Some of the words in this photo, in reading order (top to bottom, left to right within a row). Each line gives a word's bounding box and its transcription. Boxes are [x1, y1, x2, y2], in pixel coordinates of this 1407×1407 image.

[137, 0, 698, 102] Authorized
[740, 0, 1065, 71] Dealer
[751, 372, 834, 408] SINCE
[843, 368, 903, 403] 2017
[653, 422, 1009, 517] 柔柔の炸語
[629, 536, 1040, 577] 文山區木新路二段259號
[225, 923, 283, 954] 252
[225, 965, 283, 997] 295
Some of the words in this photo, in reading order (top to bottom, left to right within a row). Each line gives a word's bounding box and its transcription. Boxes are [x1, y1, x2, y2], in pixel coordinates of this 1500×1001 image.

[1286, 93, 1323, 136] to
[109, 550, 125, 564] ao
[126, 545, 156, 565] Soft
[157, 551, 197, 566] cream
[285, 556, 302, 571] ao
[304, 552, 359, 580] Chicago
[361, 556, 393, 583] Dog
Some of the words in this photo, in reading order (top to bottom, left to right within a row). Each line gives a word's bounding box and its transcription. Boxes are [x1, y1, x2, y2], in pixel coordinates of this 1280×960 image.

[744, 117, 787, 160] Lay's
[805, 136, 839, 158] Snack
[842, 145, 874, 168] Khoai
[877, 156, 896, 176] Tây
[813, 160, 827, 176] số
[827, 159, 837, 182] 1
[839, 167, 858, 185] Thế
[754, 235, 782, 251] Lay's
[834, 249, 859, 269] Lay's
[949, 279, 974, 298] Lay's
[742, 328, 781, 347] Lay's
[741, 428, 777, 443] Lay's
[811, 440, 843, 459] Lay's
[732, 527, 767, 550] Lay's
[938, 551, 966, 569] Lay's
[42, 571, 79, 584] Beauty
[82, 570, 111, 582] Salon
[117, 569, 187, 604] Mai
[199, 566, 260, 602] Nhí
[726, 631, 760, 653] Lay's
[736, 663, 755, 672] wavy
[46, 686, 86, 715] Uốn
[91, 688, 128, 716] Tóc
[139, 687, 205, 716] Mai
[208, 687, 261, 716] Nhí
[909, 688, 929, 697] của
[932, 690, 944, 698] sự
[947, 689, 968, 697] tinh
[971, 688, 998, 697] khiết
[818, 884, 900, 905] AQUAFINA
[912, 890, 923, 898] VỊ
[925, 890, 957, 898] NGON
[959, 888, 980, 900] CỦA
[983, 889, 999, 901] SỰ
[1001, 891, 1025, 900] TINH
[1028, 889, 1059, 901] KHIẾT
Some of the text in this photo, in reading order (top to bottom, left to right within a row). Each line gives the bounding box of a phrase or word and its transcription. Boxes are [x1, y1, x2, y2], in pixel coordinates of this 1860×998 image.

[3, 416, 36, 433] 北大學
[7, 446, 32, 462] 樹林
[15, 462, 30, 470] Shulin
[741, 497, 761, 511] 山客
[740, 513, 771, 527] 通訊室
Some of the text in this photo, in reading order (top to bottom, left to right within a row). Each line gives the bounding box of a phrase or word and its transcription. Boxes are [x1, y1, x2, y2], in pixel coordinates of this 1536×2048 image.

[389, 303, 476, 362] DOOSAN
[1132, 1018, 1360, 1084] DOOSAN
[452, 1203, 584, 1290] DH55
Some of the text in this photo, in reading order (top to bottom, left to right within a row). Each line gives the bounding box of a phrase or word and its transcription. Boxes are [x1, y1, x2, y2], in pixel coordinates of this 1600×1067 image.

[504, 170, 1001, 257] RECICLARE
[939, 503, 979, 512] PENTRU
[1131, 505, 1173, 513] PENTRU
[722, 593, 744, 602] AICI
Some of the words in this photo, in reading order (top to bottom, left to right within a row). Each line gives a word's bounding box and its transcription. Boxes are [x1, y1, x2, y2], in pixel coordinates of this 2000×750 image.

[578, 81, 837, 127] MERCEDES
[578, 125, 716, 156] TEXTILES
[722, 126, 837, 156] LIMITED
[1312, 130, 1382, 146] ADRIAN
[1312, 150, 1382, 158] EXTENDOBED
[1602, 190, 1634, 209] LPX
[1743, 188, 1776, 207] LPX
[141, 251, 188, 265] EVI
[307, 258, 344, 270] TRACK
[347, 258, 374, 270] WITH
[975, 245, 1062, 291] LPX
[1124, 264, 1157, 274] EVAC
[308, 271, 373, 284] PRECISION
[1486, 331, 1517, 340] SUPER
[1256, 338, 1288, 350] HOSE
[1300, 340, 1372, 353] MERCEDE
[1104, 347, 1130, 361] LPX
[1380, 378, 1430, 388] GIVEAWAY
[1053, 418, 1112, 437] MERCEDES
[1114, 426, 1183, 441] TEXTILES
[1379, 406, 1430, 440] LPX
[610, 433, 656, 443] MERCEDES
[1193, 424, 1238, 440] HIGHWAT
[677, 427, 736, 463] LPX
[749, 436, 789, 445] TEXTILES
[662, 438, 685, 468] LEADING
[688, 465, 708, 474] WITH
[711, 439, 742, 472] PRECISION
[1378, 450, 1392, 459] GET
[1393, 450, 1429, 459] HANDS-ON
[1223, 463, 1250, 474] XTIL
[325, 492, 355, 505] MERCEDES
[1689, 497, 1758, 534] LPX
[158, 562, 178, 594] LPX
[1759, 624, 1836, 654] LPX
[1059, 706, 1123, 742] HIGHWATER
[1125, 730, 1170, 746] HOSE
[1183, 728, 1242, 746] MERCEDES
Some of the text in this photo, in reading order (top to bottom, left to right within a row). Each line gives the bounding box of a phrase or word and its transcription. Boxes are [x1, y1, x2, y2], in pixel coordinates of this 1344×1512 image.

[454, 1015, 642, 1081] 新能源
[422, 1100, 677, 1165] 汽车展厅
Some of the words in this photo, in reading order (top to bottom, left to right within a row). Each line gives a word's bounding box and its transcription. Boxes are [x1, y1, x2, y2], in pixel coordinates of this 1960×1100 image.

--------------------------------

→ TRY IT: Exactly as shown above, return all of the entries.

→ SOLVED PROBLEM:
Some of the words in this photo, in reading order (top to bottom, left to right within a row). Each line gives a word's bounding box and its transcription. Boxes are [x1, y1, x2, y2], in pixel coordinates of this 1407×1407 image.

[137, 0, 698, 102] Authorized
[740, 0, 1065, 71] Dealer
[751, 372, 834, 408] SINCE
[843, 368, 903, 403] 2017
[653, 422, 1009, 517] 柔柔の炸語
[629, 536, 1040, 577] 文山區木新路二段259號
[225, 923, 283, 954] 252
[225, 965, 283, 997] 295
Some of the words in this photo, in reading order (top to bottom, left to right within a row). Each line gives a word's bounding box and its transcription. Boxes are [x1, y1, x2, y2], in pixel coordinates of this 1500×1001 image.

[1286, 93, 1323, 136] to
[109, 550, 125, 564] ao
[126, 545, 156, 565] Soft
[157, 551, 197, 566] cream
[285, 556, 302, 571] ao
[304, 552, 359, 580] Chicago
[361, 556, 393, 583] Dog
Some of the words in this photo, in reading order (top to bottom, left to right within a row). Each line gives a word's bounding box and its transcription. Boxes are [x1, y1, x2, y2], in pixel coordinates of this 1280×960 image.

[744, 117, 787, 160] Lay's
[805, 136, 839, 158] Snack
[842, 145, 874, 168] Khoai
[877, 156, 896, 176] Tây
[813, 160, 827, 176] số
[827, 159, 837, 182] 1
[839, 167, 858, 185] Thế
[754, 235, 782, 251] Lay's
[834, 249, 859, 269] Lay's
[949, 279, 974, 298] Lay's
[742, 328, 781, 347] Lay's
[741, 428, 777, 443] Lay's
[811, 440, 843, 459] Lay's
[732, 527, 767, 550] Lay's
[938, 551, 966, 569] Lay's
[42, 571, 79, 584] Beauty
[82, 570, 111, 582] Salon
[117, 569, 187, 604] Mai
[199, 566, 260, 602] Nhí
[726, 631, 760, 653] Lay's
[736, 663, 755, 672] wavy
[46, 686, 86, 715] Uốn
[91, 688, 128, 716] Tóc
[139, 687, 205, 716] Mai
[208, 687, 261, 716] Nhí
[909, 688, 929, 697] của
[932, 690, 944, 698] sự
[947, 689, 968, 697] tinh
[971, 688, 998, 697] khiết
[818, 884, 900, 905] AQUAFINA
[912, 890, 923, 898] VỊ
[925, 890, 957, 898] NGON
[959, 888, 980, 900] CỦA
[983, 889, 999, 901] SỰ
[1001, 891, 1025, 900] TINH
[1028, 889, 1059, 901] KHIẾT
Some of the text in this photo, in reading order (top to bottom, left to right within a row). Each line gives the bounding box of a phrase or word and its transcription. Boxes are [x1, y1, x2, y2], in pixel coordinates of this 1860×998 image.

[3, 416, 36, 433] 北大學
[7, 446, 32, 462] 樹林
[15, 462, 30, 470] Shulin
[741, 497, 761, 511] 山客
[740, 513, 771, 527] 通訊室
Some of the text in this photo, in reading order (top to bottom, left to right within a row). Each line gives the bounding box of a phrase or word and its transcription. Boxes are [x1, y1, x2, y2], in pixel coordinates of this 1536×2048 image.

[389, 303, 476, 362] DOOSAN
[1132, 1018, 1360, 1084] DOOSAN
[452, 1203, 584, 1290] DH55
Some of the text in this photo, in reading order (top to bottom, left to right within a row). Each line gives the bounding box of a phrase or word and its transcription. Boxes are [x1, y1, x2, y2], in pixel coordinates of this 1600×1067 image.

[504, 170, 1001, 257] RECICLARE
[939, 503, 979, 512] PENTRU
[1131, 505, 1173, 513] PENTRU
[722, 593, 744, 602] AICI
Some of the words in this photo, in reading order (top to bottom, left to right within a row). Each line gives a word's bounding box and its transcription. Boxes are [x1, y1, x2, y2], in pixel coordinates of this 2000×750 image.

[578, 81, 837, 127] MERCEDES
[578, 125, 716, 156] TEXTILES
[722, 126, 837, 156] LIMITED
[1312, 130, 1382, 146] ADRIAN
[1312, 150, 1382, 158] EXTENDOBED
[1602, 190, 1634, 209] LPX
[1743, 188, 1776, 207] LPX
[141, 251, 188, 265] EVI
[307, 258, 344, 270] TRACK
[347, 258, 374, 270] WITH
[975, 245, 1062, 291] LPX
[1124, 264, 1157, 274] EVAC
[308, 271, 373, 284] PRECISION
[1486, 331, 1517, 340] SUPER
[1256, 338, 1288, 350] HOSE
[1300, 340, 1372, 353] MERCEDE
[1104, 347, 1130, 361] LPX
[1380, 378, 1430, 388] GIVEAWAY
[1053, 418, 1112, 437] MERCEDES
[1114, 426, 1183, 441] TEXTILES
[1379, 406, 1430, 440] LPX
[610, 433, 656, 443] MERCEDES
[1193, 424, 1238, 440] HIGHWAT
[677, 427, 736, 463] LPX
[749, 436, 789, 445] TEXTILES
[662, 438, 685, 468] LEADING
[688, 465, 708, 474] WITH
[711, 439, 742, 472] PRECISION
[1378, 450, 1392, 459] GET
[1393, 450, 1429, 459] HANDS-ON
[1223, 463, 1250, 474] XTIL
[325, 492, 355, 505] MERCEDES
[1689, 497, 1758, 534] LPX
[158, 562, 178, 594] LPX
[1759, 624, 1836, 654] LPX
[1059, 706, 1123, 742] HIGHWATER
[1125, 730, 1170, 746] HOSE
[1183, 728, 1242, 746] MERCEDES
Some of the text in this photo, in reading order (top to bottom, left to right within a row). Each line gives the bounding box of a phrase or word and its transcription. Boxes are [x1, y1, x2, y2], in pixel coordinates of this 1344×1512 image.

[454, 1015, 642, 1081] 新能源
[422, 1100, 677, 1165] 汽车展厅
Some of the words in this photo, in reading order (top to bottom, left to right within a row). Each line gives a word's bounding box and its transcription. Boxes are [x1, y1, x2, y2], in pixel coordinates of this 1960×1100 image.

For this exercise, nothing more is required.